● Exercise prompt: Restate every record word for word, without the pictures.

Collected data
·····

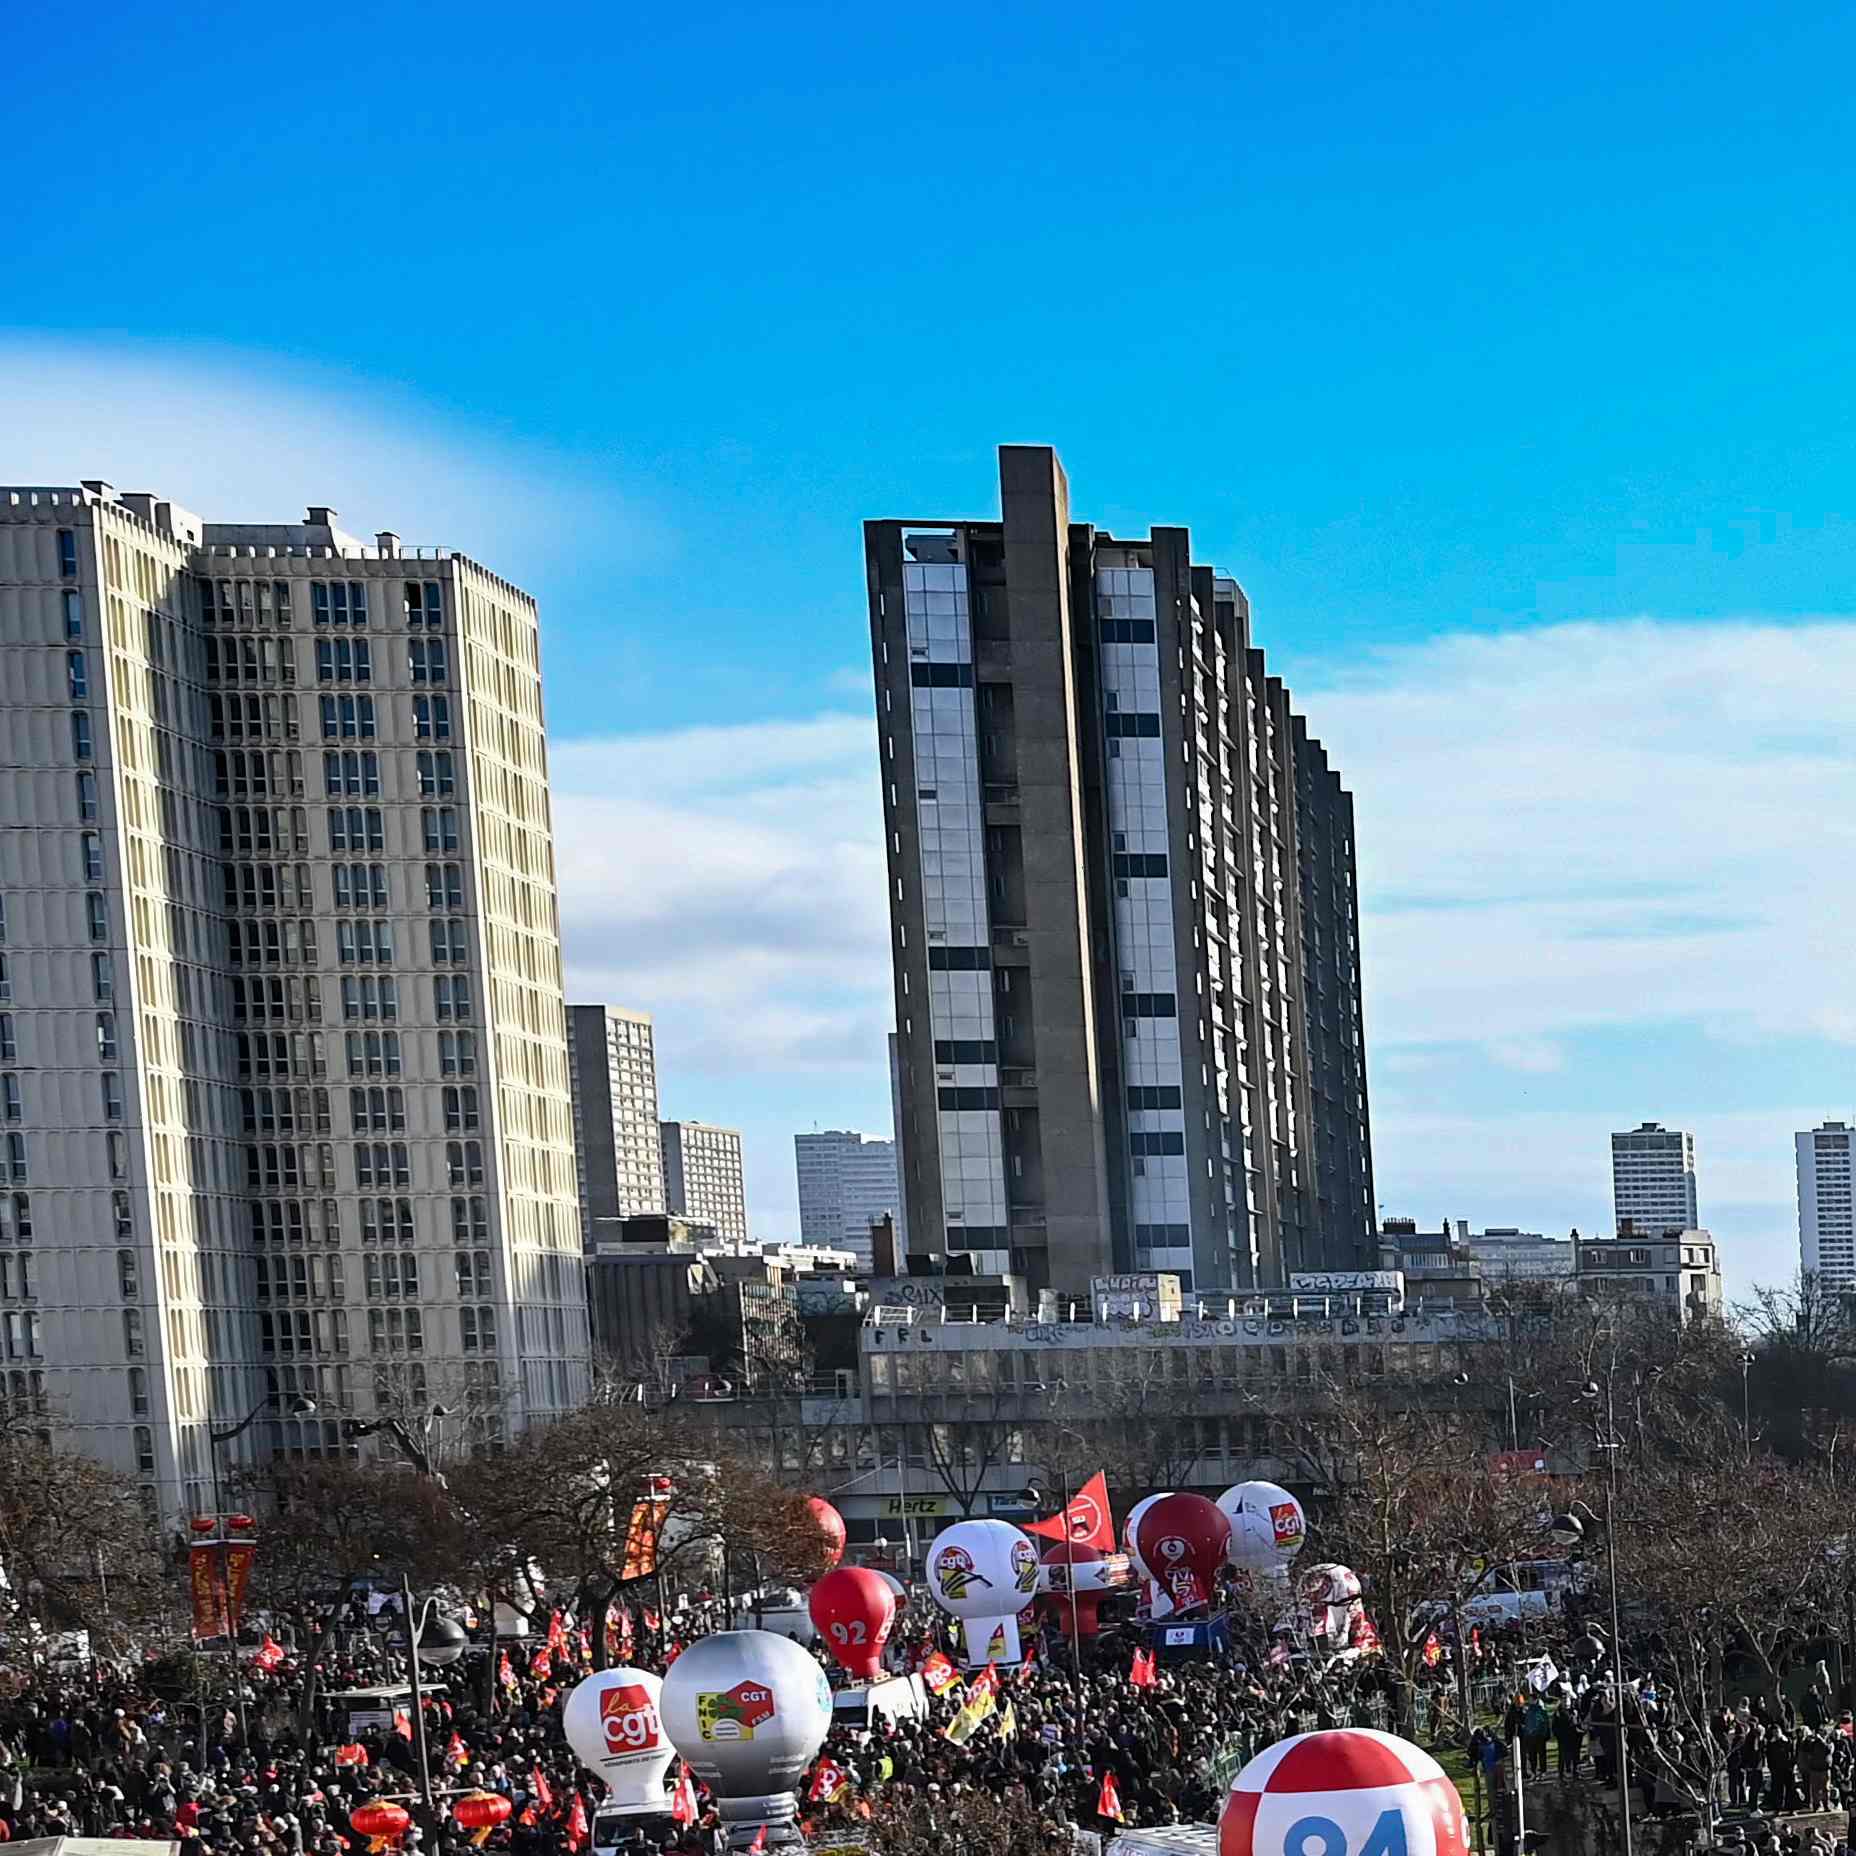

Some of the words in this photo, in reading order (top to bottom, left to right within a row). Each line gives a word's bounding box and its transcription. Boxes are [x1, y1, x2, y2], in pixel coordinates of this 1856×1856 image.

[888, 1498, 937, 1514] Hertz
[830, 1619, 867, 1645] 92
[740, 1690, 768, 1702] CGT
[603, 1704, 660, 1746] cgt
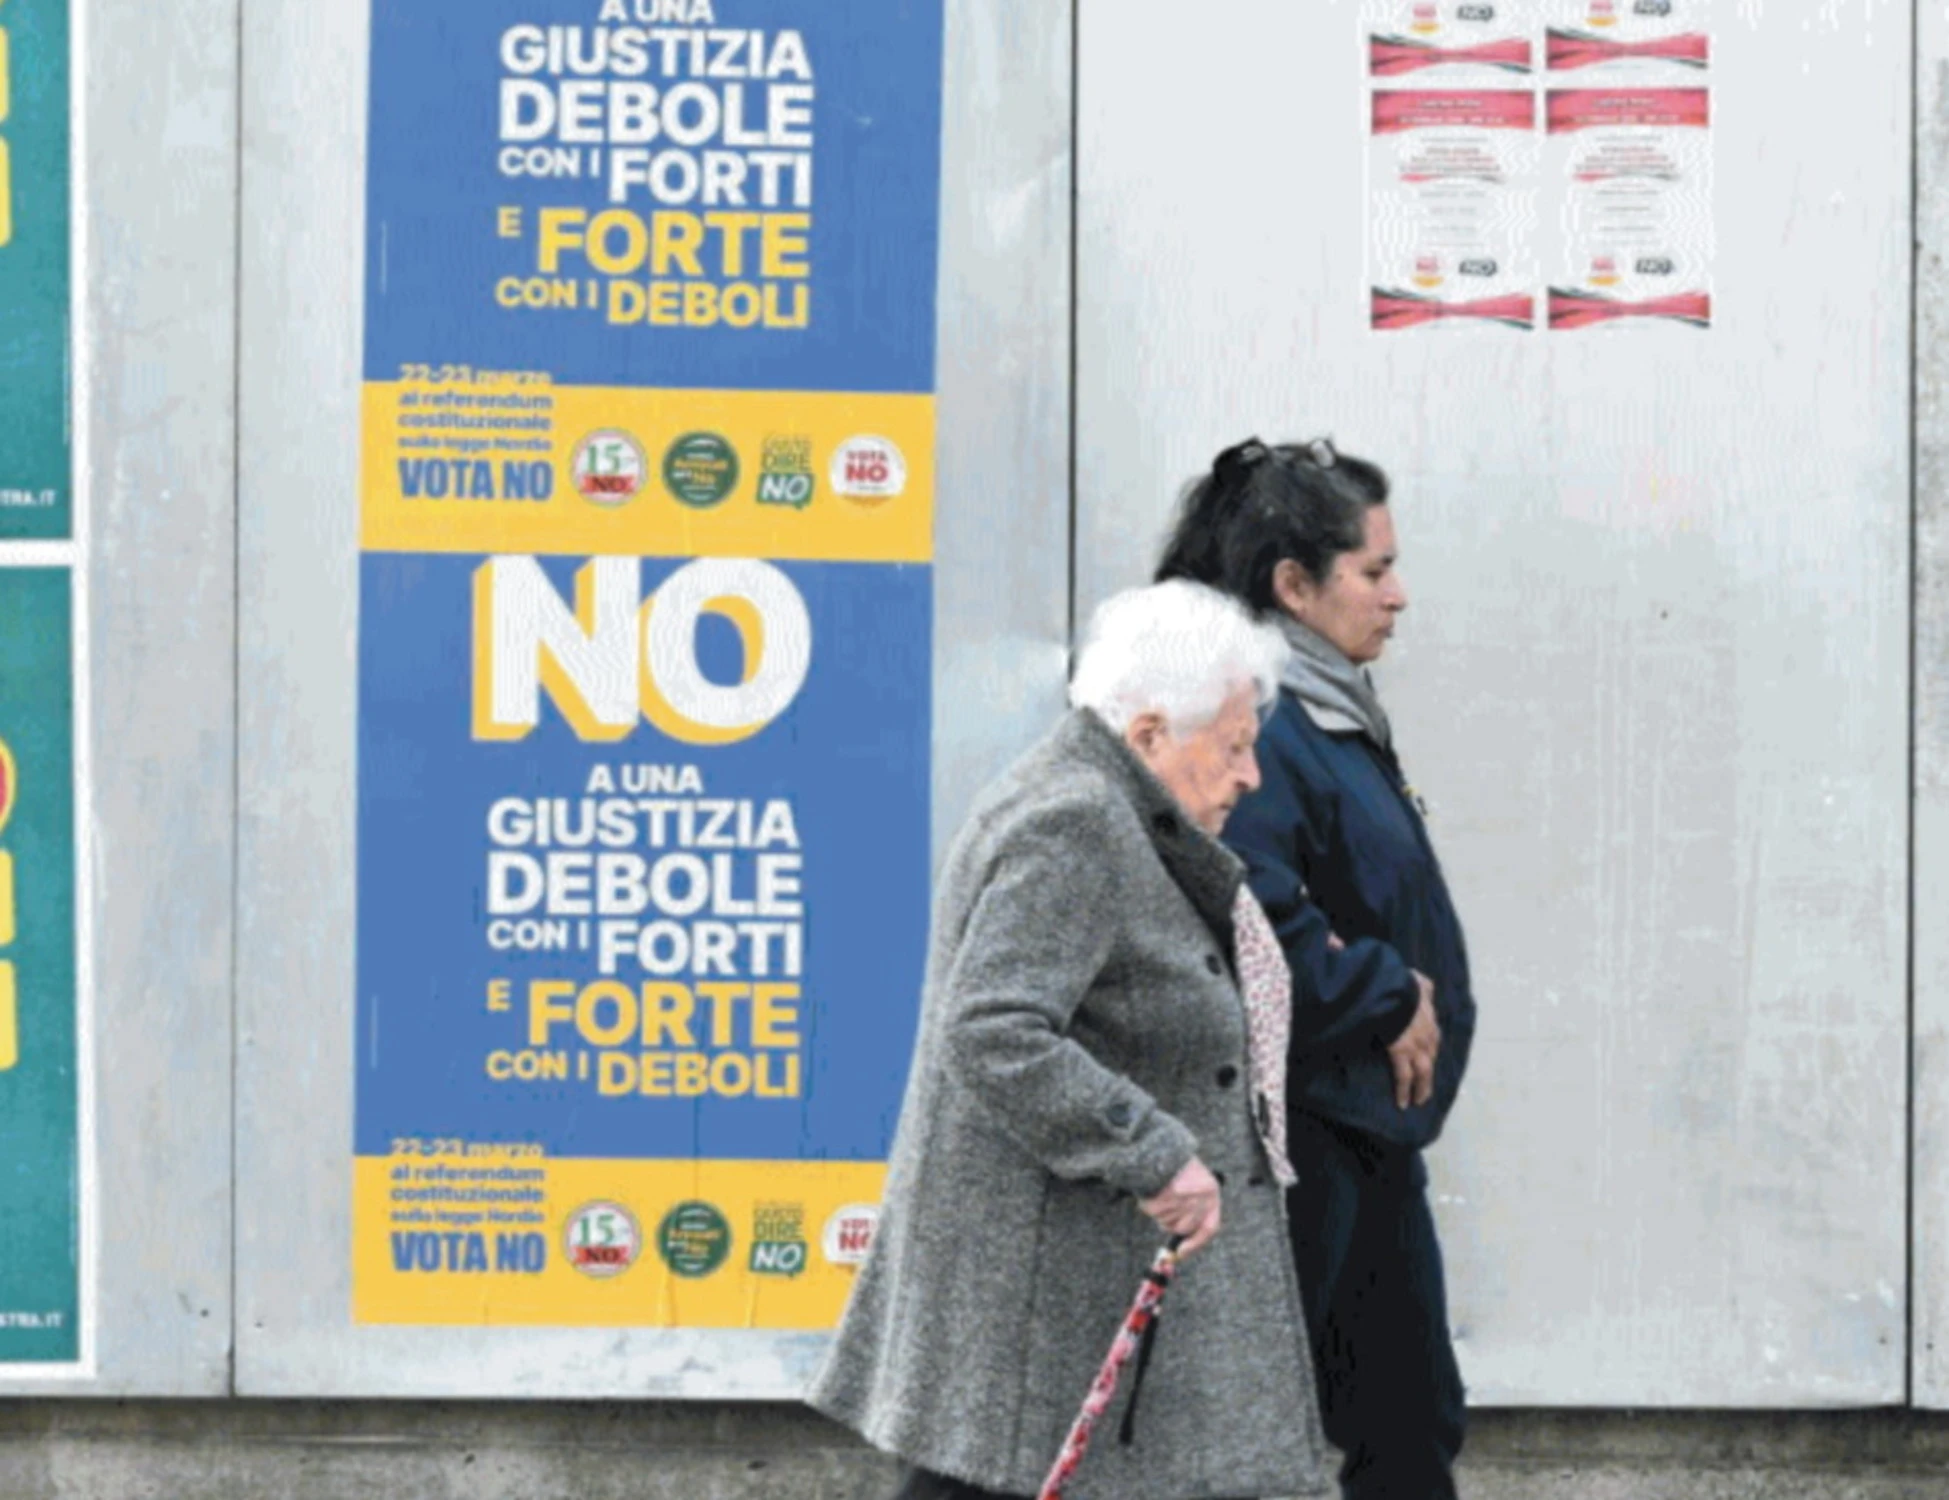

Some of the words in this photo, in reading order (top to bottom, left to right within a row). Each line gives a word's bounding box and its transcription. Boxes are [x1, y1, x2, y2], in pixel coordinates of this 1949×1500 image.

·····

● Result for this task:
Some of the words in this photo, in reading order (top to bottom, left to right within a row). Each line gives a word's bounding box and its transcription. Boxes are [x1, y1, x2, y2], in pixel coordinates of this 1856×1856 image.

[888, 1498, 937, 1514] Hertz
[830, 1619, 867, 1645] 92
[740, 1690, 768, 1702] CGT
[603, 1704, 660, 1746] cgt

Some of the words in this photo, in reading order (top to bottom, left to right within a row). Each line gives a word's bounding box and its transcription. Boxes are [x1, y1, x2, y2], in pixel coordinates of this 1949×1500 image.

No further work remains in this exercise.